Amiodarone is an effective medication for the treatment of cardiac arrhythmias. Originally developed for the treatment of angina, it is now the most frequently prescribed antiarrhythmia drug despite the fact that its use is limited because of potential serious side effects including adverse effects on the thyroid gland and thyroid hormones. Although the mechanisms of action of amiodarone on the thyroid gland and thyroid hormone metabolism are poorly understood, the structural similarity of amiodarone to thyroid hormones, including the presence of iodine moieties on the inner benzene ring, may play a role in causing thyroid dysfunction.
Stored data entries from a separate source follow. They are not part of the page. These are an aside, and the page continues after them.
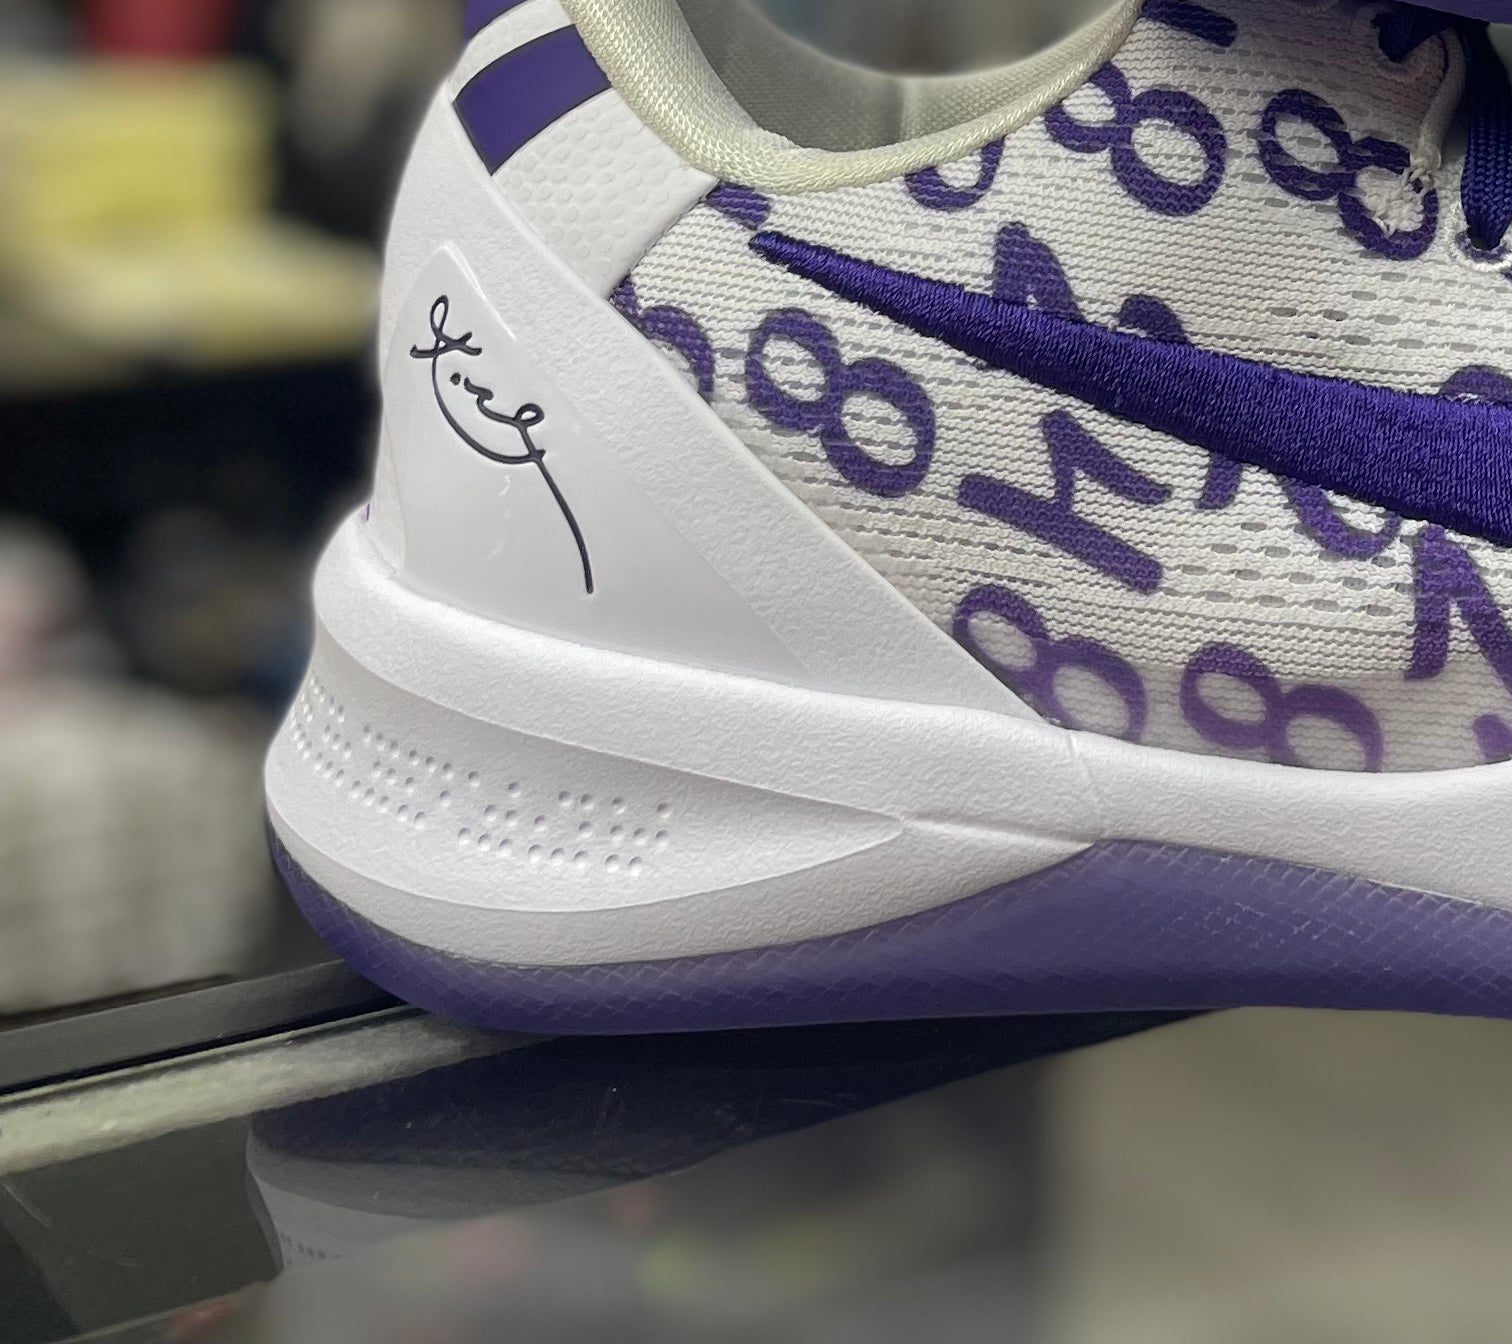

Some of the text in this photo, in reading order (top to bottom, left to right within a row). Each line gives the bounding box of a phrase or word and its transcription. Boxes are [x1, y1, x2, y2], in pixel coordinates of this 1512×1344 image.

[1045, 62, 1228, 216] 8
[1258, 88, 1440, 261] 8
[744, 306, 937, 499] 8
[952, 583, 1150, 742] 8
[1180, 642, 1385, 773] 8
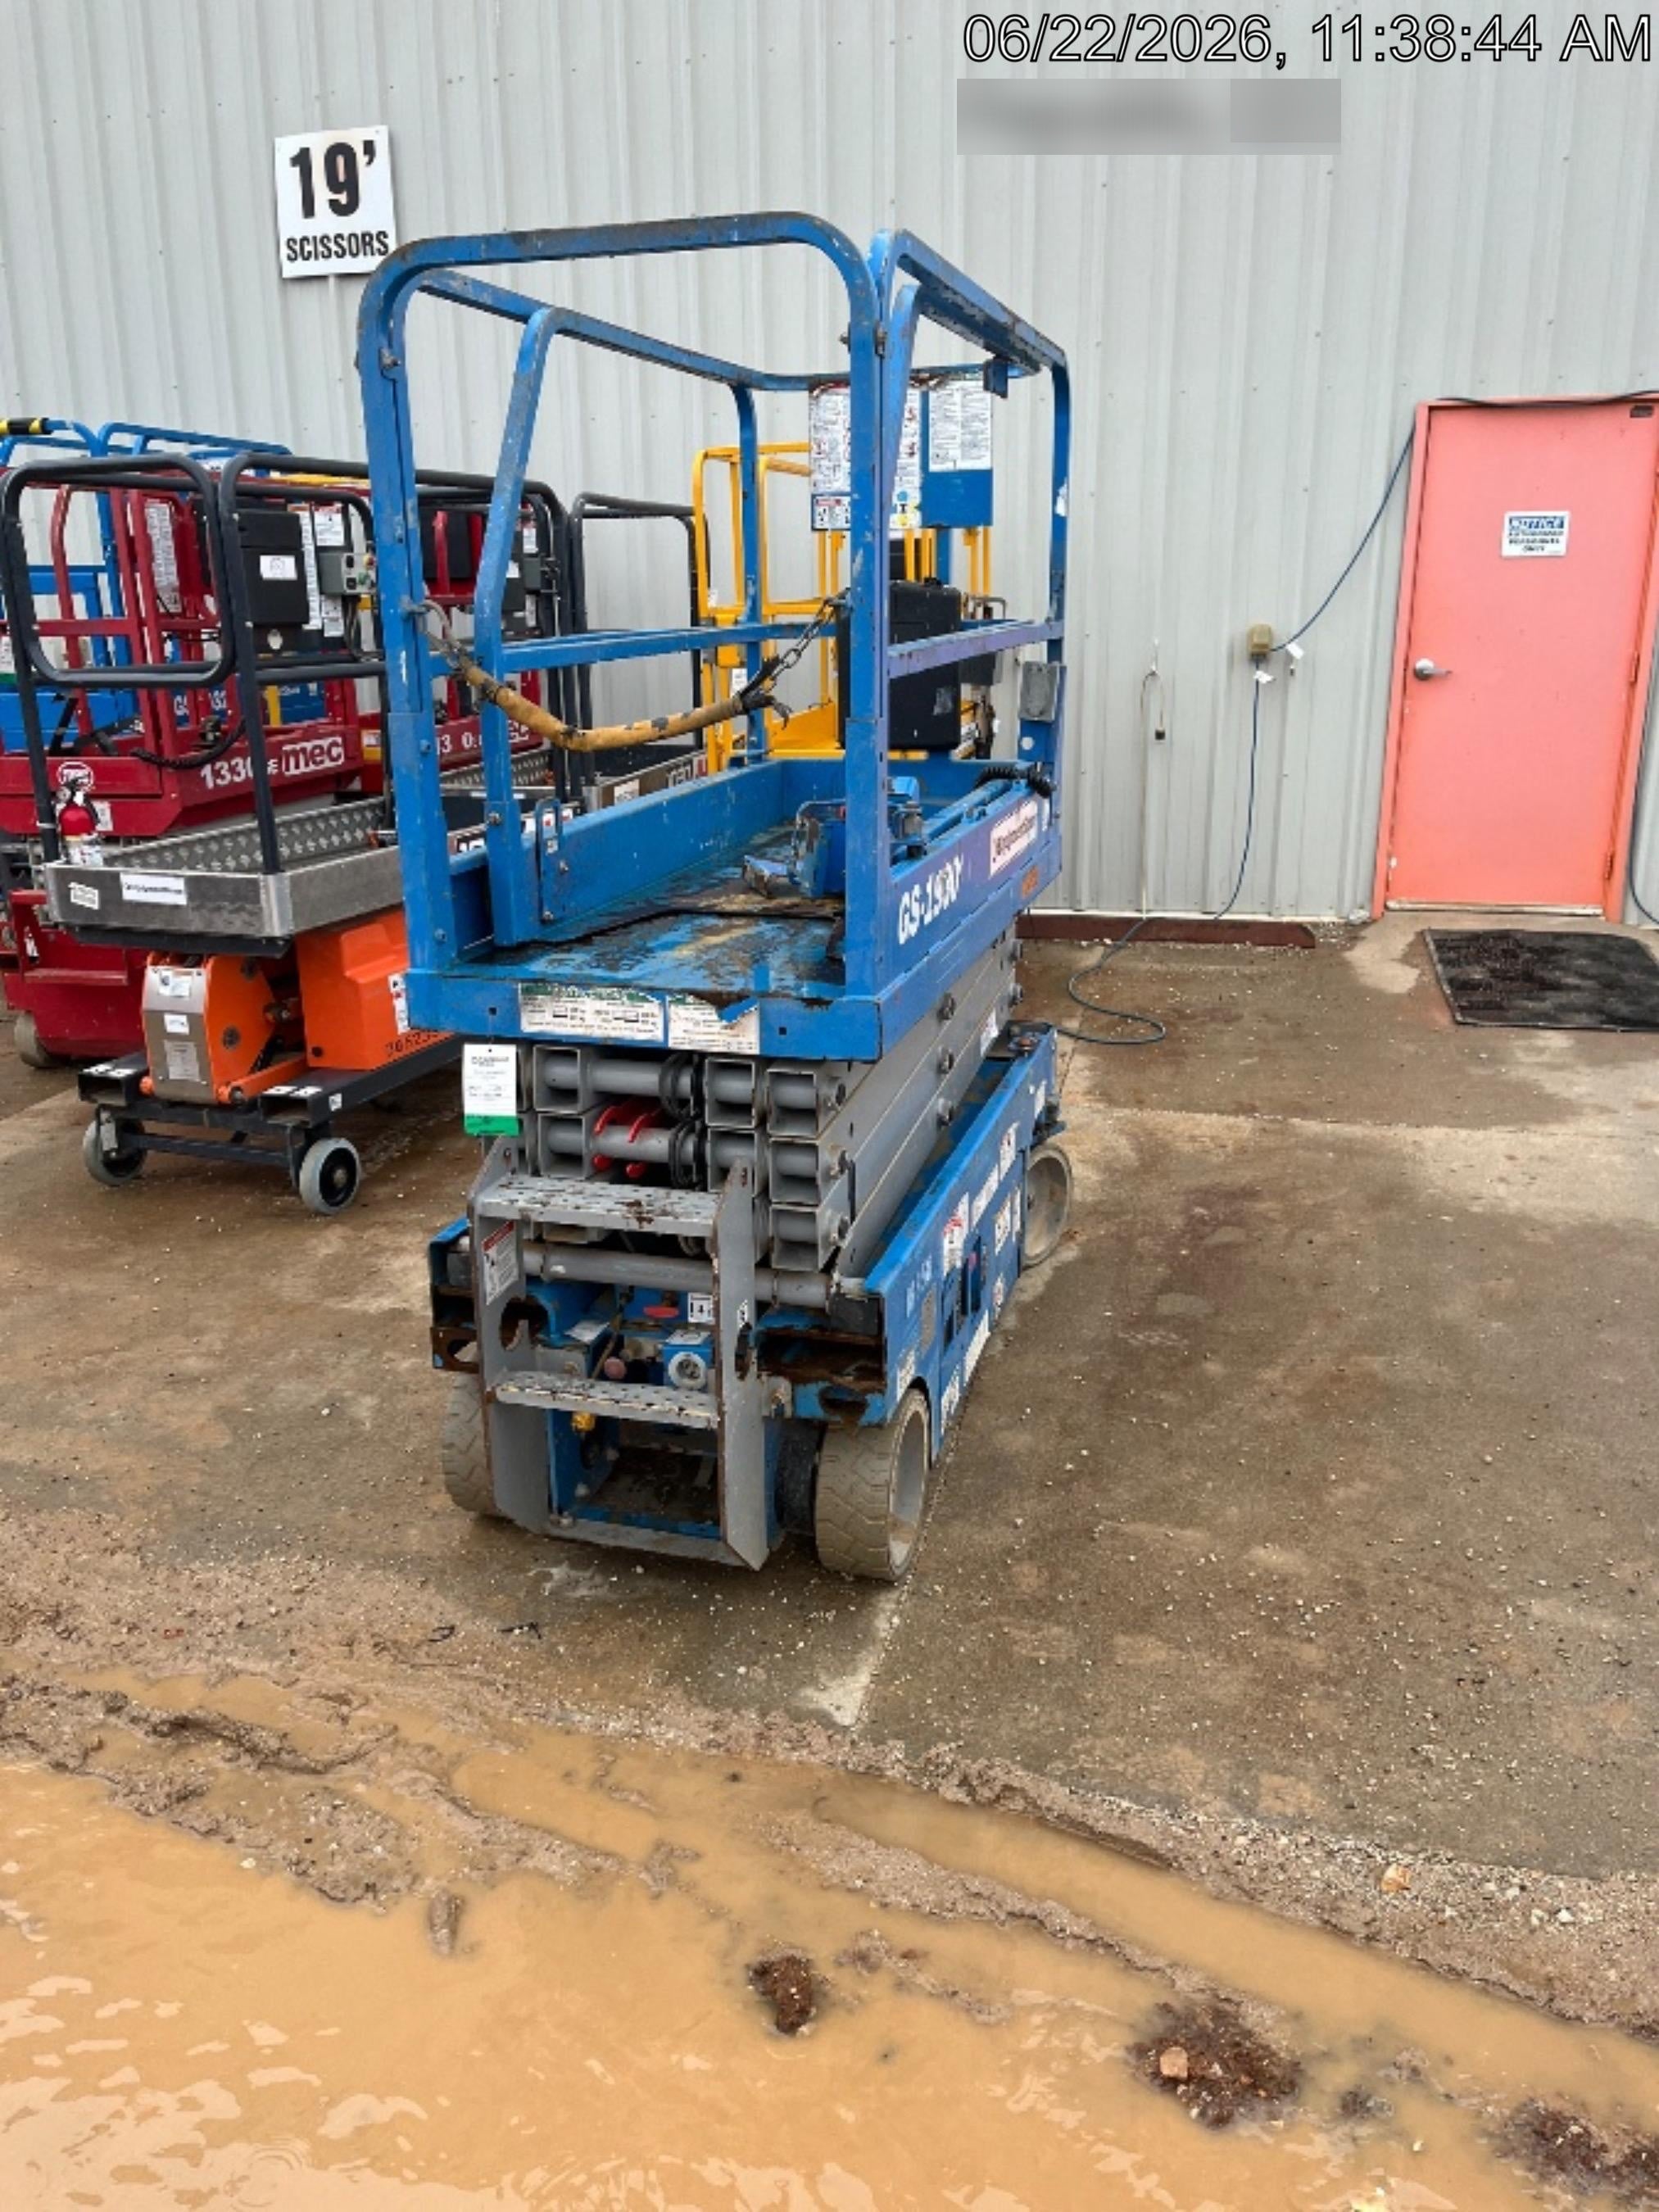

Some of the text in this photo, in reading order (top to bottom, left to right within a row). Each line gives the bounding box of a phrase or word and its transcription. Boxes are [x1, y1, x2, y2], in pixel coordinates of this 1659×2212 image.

[289, 139, 376, 219] 19'
[287, 230, 389, 262] SCISSORS
[283, 737, 344, 775] mec
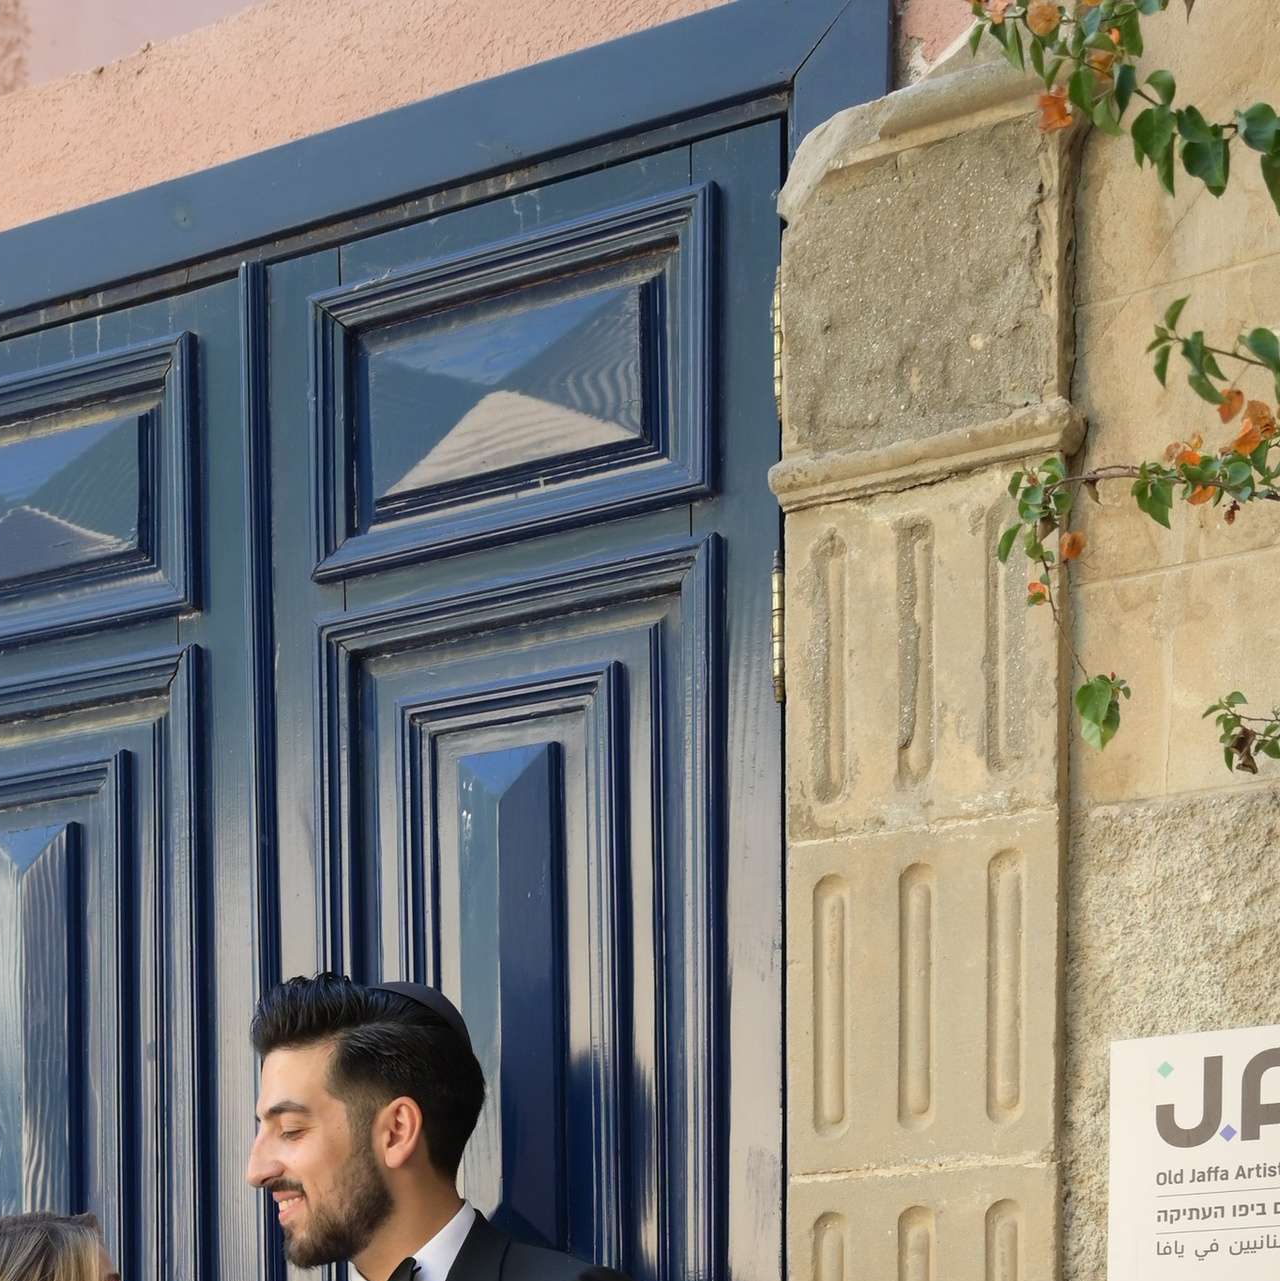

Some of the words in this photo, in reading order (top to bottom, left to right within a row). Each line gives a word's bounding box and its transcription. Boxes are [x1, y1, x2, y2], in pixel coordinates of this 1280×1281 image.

Amiodarone-induced thyroid dysfunction includes amiodarone-induced thyrotoxicosis (AIT) and amiodarone-induced hypothyroidism (AIH). The AIT develops more commonly in iodine-deficient areas and AIH in iodine-sufficient areas. The AIT type 1 usually occurs in patients with known or previously undiagnosed thyroid dysfunction or goiter. The AIT type 2 usually occurs in normal thyroid glands and results in destruction of thyroid tissue caused by thyroiditis. This is the result of an intrinsic drug effect from the amiodarone itself. Mixed types are not uncommon. Patients with cardiac disease receiving amiodarone treatment should be monitored for signs of thyroid dysfunction, which often manifest as a reappearance of the underlying cardiac disease state. When monitoring patients, initial tests should include the full battery of thyroid function tests, thyroid-stimulating hormone, thyroxine, triiodothyronine, and antithyroid antibodies. Mixed types of AIT can be challenging both to diagnose and treat and therapy differs depending on the type of AIT. Treatment can include thionamides and/or glucocorticoids. The AIH responds favorably to thyroid hormone replacement therapy. Amiodarone is lipophilic and has a long half-life in the body. Therefore, stopping the amiodarone therapy usually has little short-term benefit.